Graham adds, “The left abdominal flap did not flow well through its tiny network of vessels even before being disconnected from Craig, but an attempt was made to connect it to Adair’s left chest. The left flap still did not flow well, so it was discarded, and a breast implant was returned to Adair’s left chest.”

Craig left the operating room around 6 pm and Adair before midnight. The sisters recovered together in a double room at Jewish Hospital and were discharged within three days. Since the twins are identical, there is no need for Adair to use immunosuppressive (rejection) medications, as in the case of other transplants.
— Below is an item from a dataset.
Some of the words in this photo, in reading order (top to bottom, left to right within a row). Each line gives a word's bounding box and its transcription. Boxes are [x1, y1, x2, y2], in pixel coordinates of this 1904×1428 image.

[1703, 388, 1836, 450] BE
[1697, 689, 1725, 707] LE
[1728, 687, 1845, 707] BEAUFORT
This transplant surgery gave Adair back volume and shape to her breast. Craig will also benefit with an improved abdominal shape, much like a “tummy tuck.” Using fat from unwanted areas to transplant to her twin will produce a flatter, tighter abdomen. The twins continue to do well at home and have been seen weekly in the physicians’ office.

Using a twin sister’s abdomen to create a breast has only happened five times in the world.